Here's a little exercise I did recently using a bit of human/machine collaboration (AI to you): I 'asked' it to interpret buildings and places I know (some still with us, some long since demolished) and generate images (without providing photographs) in the style of a Hopper painting. The final images conjure up a world where, just like a lucid dream where you know you're dreaming and not actually living in this place and, despite every effort you make to, for instance, read a line of text from a book or a sign on a building, the words don't really make sense. As you can see from a couple of the images below, it's a similar principle.

I often have breakfast at the Warsaw Diner on a Saturday morning.
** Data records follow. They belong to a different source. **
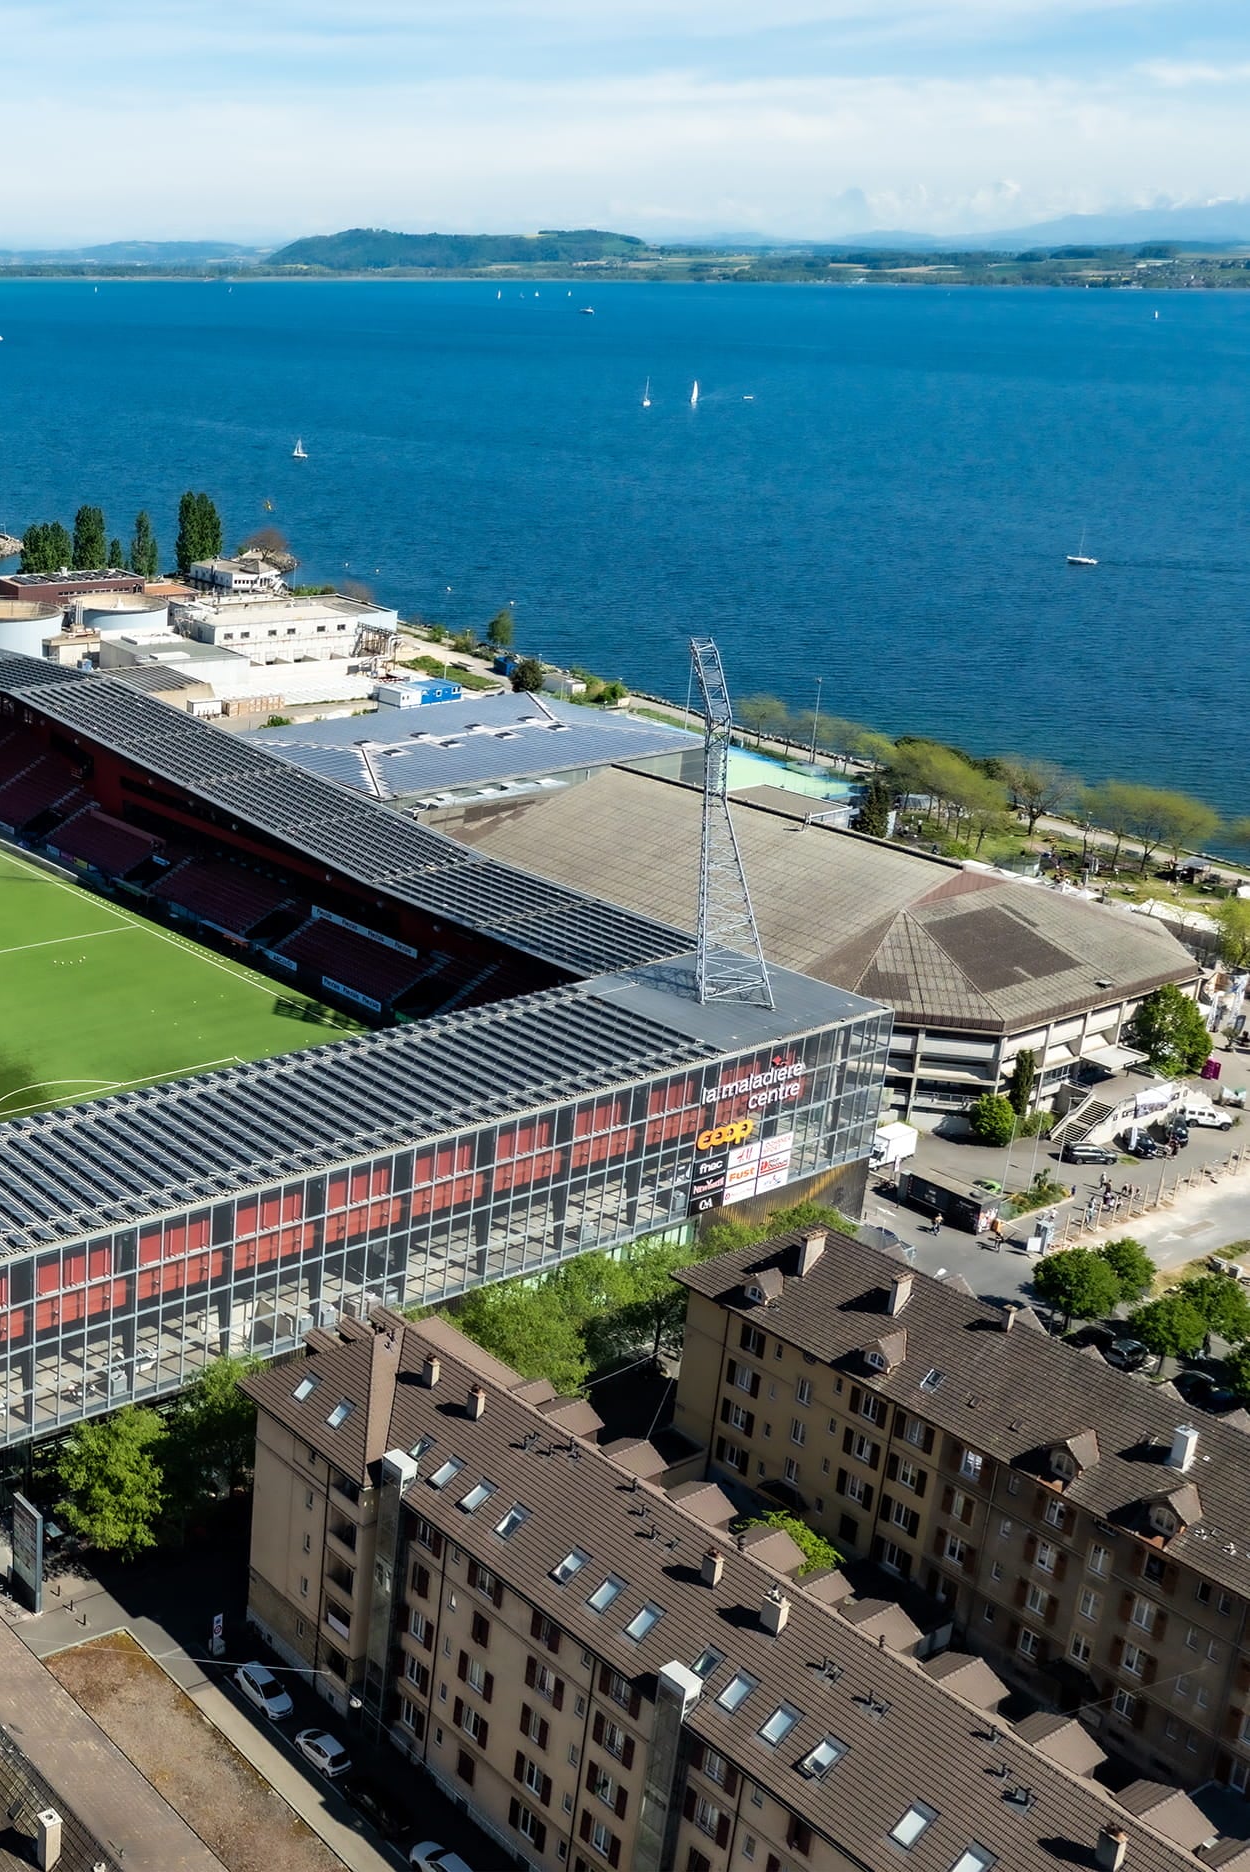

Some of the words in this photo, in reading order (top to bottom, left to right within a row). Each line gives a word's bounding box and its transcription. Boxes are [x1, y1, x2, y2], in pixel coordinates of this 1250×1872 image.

[702, 1086, 719, 1105] la
[748, 1081, 800, 1109] centre
[697, 1119, 753, 1150] coop
[699, 1160, 723, 1174] fnac
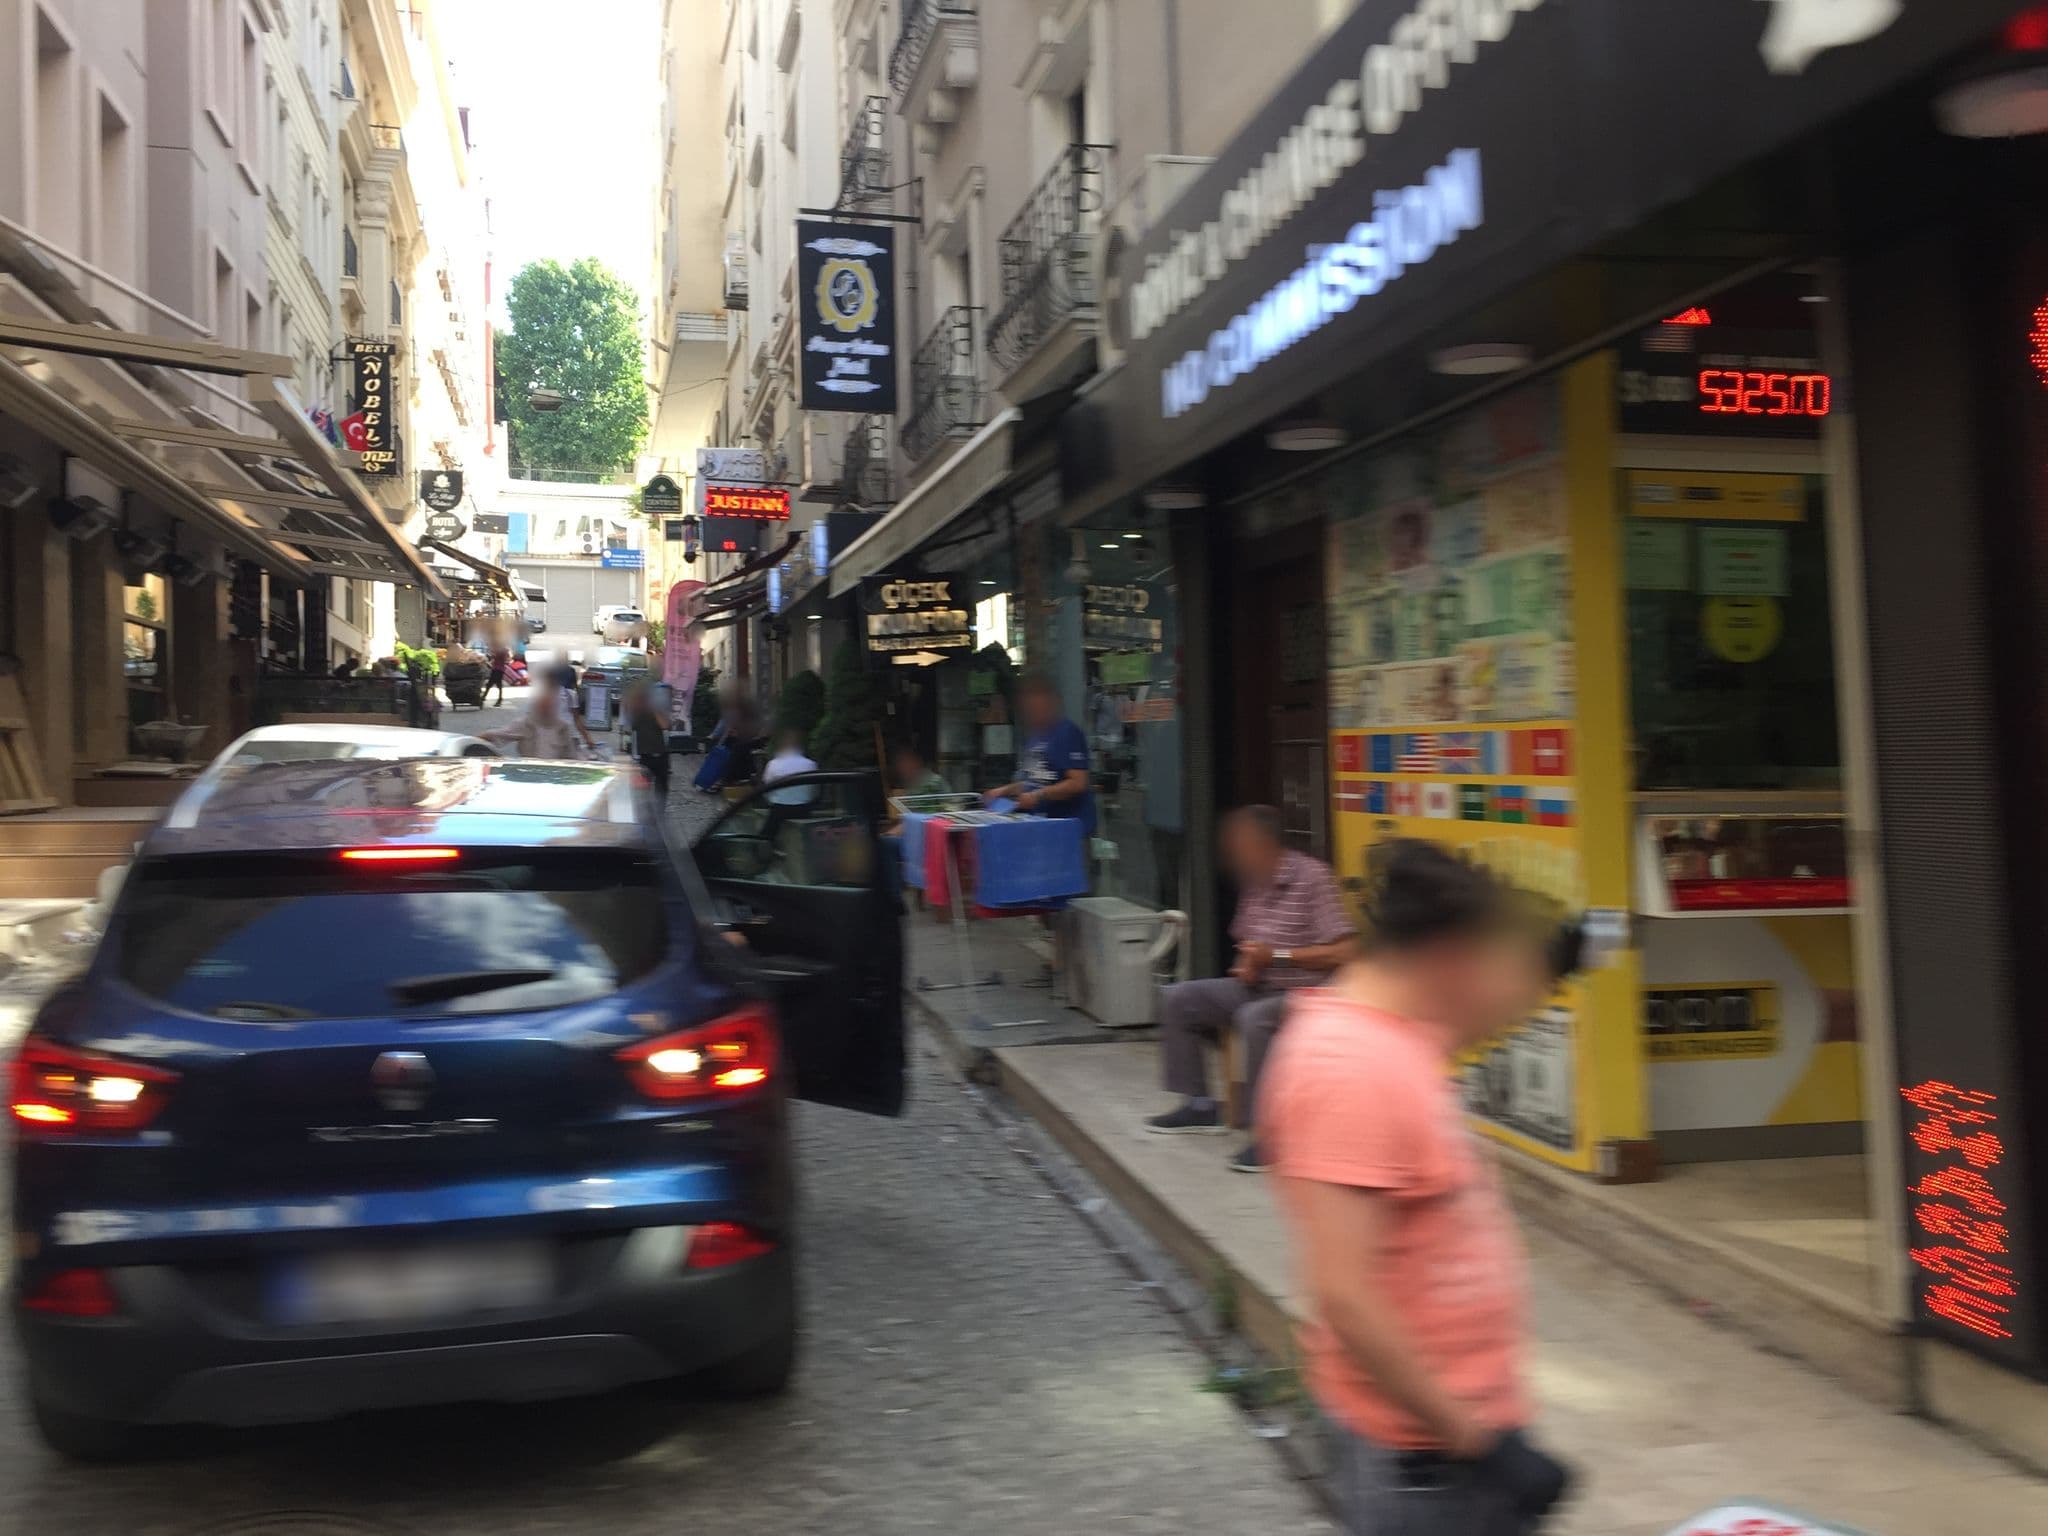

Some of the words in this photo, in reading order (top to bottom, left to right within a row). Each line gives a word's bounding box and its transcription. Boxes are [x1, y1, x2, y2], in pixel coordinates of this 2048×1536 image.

[354, 344, 390, 353] BEST
[362, 361, 383, 442] NOBEL
[431, 517, 457, 527] HOTEL
This version of my favourite diner takes it into a whole new dimension. Am I in this version of the eaterie with these lost souls (nighthawks)? I could be. But why is it dark? And where is the friendly Polish lady that always greets me from behind the counter like a member of her family? Wait a minute, where's the bloody counter? I guess what I'm saying is, where's the friendly daytime vibe gone?

The football ground is interesting. I know Meadow Lane, where Notts County have been plying their trade since 1862, but this is not it. The lettering on the main stand is nearly right, but not quite (on one of the images anyway), and the advertising hoardings make no sense whatsoever. Again, the positioning of individuals on the pitch are all wrong. What are they doing, and why are the floodlights are in the wrong place? (One of them is in the back garden of a house that doesn't even exist); that would really bug me. And yet it's a ground I now want to go to. I belong there. Drop me in this painting and I may never come back.
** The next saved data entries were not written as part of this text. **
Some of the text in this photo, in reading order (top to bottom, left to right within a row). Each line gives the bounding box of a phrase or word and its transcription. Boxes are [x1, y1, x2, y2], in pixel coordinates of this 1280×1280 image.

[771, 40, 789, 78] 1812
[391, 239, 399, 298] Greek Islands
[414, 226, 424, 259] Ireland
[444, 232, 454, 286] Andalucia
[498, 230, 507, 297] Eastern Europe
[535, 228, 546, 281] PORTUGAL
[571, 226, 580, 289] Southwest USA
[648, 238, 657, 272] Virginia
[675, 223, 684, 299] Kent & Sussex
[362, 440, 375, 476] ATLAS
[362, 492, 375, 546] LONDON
The ABC cinema on Long Row was an old haunt of mine before the wrecking ball paid it a visit in the 1990s. It was always a bit scuzzy, not a fleapit exactly, but it had seen better days. In this reimagined picture house, rebranded here as the ABOC(!), I immediately feel an affinity with both it and its surroundings. Again, beam me up here and, even though I can't for the life of me work out what they're showing (Siult Ack Tone?), I'd certainly sit in the doubles and give it a go.

And finally, Nottingham's iconic Council House. It's famous lions that sit either side (including our beloved Left Lion) have seemingly strolled off somewhere. Oh, and Market Square has been totally airbrushed out of this particular dream; leaving this most imposing of buildings almost totally in shadow (textbook Hopper). And the red brick building on the corner - as most red brick buildings in Hopper's work - is a bit of a tease; what secrets lie behind its walls and windows? Or in this case, what (or who) lurks around the corner? 

I need to visit this parallel version of the place I call home. A whole new world awaits.